Write the entries out exactly. Any images they hold stay out of the copy.

+++

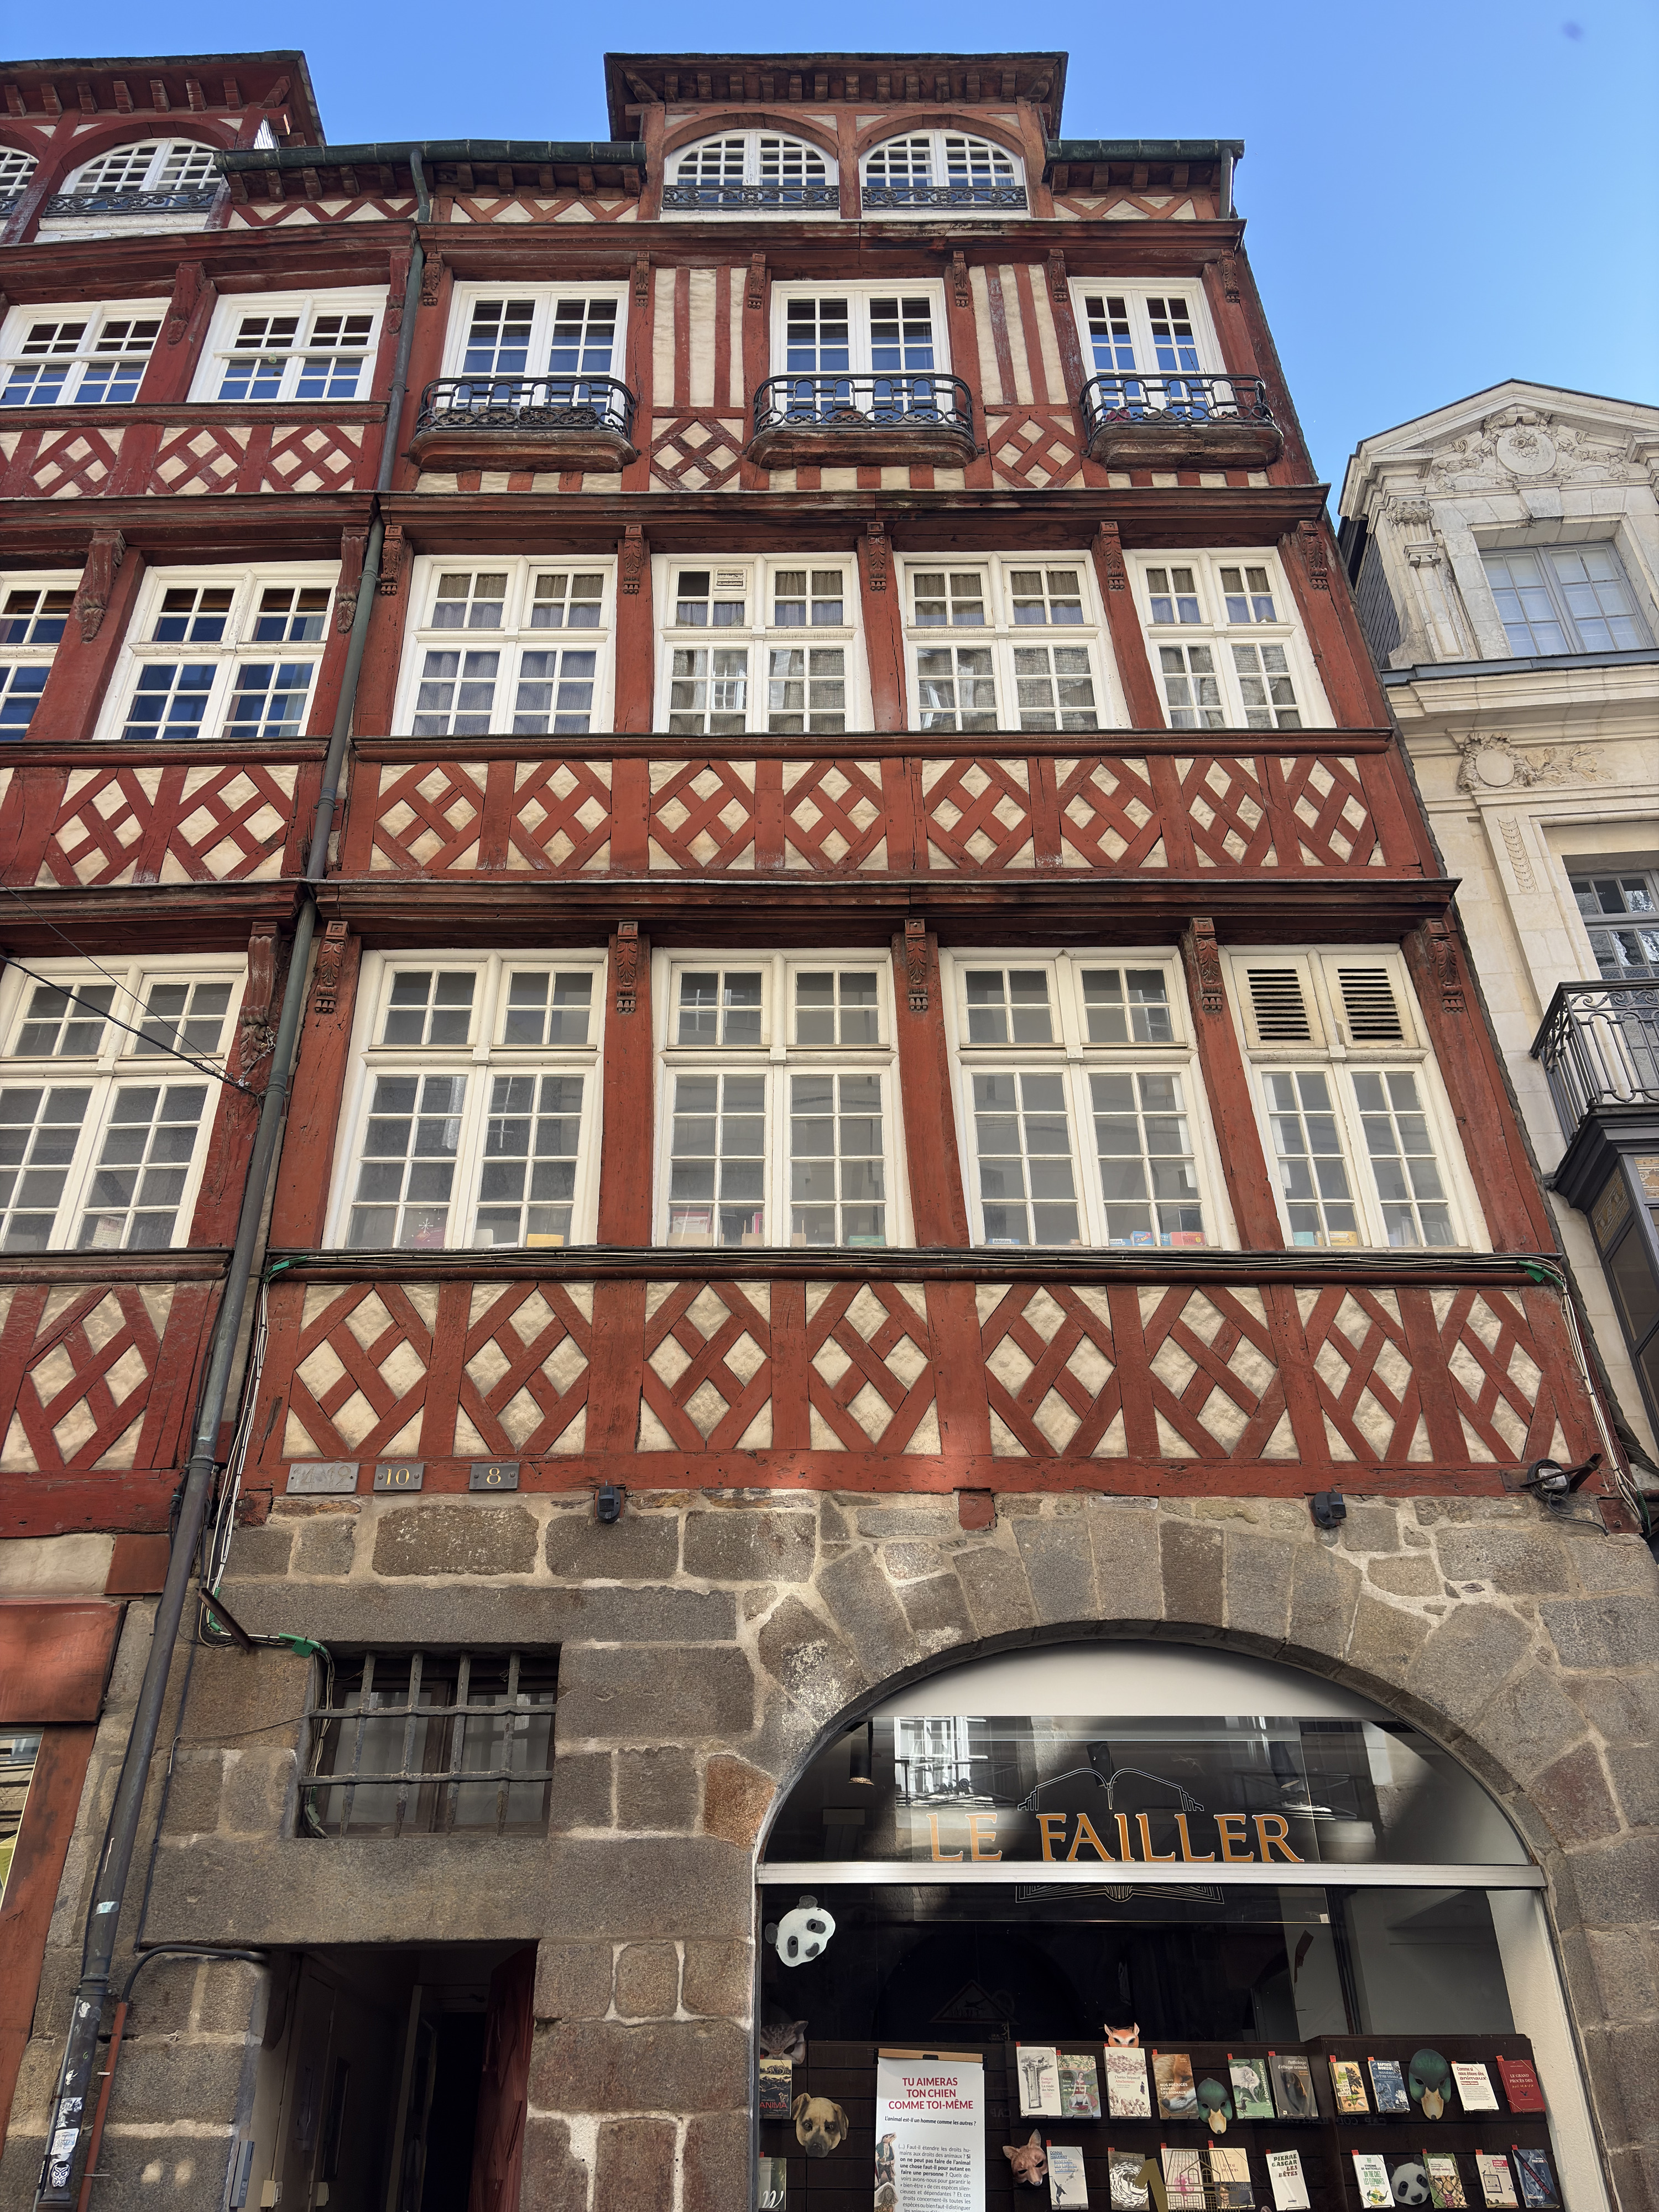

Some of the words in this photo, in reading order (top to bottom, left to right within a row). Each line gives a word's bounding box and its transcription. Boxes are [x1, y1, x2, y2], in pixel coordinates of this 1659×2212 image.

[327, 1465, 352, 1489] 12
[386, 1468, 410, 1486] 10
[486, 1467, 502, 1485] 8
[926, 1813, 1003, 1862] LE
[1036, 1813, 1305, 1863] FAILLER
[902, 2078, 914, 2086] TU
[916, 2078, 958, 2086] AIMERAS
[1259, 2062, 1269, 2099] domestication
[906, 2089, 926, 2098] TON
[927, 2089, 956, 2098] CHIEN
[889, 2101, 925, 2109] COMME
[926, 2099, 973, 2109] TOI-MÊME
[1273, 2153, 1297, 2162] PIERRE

+++

* _FINISHED TASK_
Some of the words in this photo, in reading order (top to bottom, left to right within a row). Each line gives a word's bounding box and its transcription. Boxes are [x1, y1, x2, y2], in pixel coordinates of this 1659×2212 image.

[327, 1465, 352, 1489] 12
[386, 1468, 410, 1486] 10
[486, 1467, 502, 1485] 8
[926, 1813, 1003, 1862] LE
[1036, 1813, 1305, 1863] FAILLER
[902, 2078, 914, 2086] TU
[916, 2078, 958, 2086] AIMERAS
[1259, 2062, 1269, 2099] domestication
[906, 2089, 926, 2098] TON
[927, 2089, 956, 2098] CHIEN
[889, 2101, 925, 2109] COMME
[926, 2099, 973, 2109] TOI-MÊME
[1273, 2153, 1297, 2162] PIERRE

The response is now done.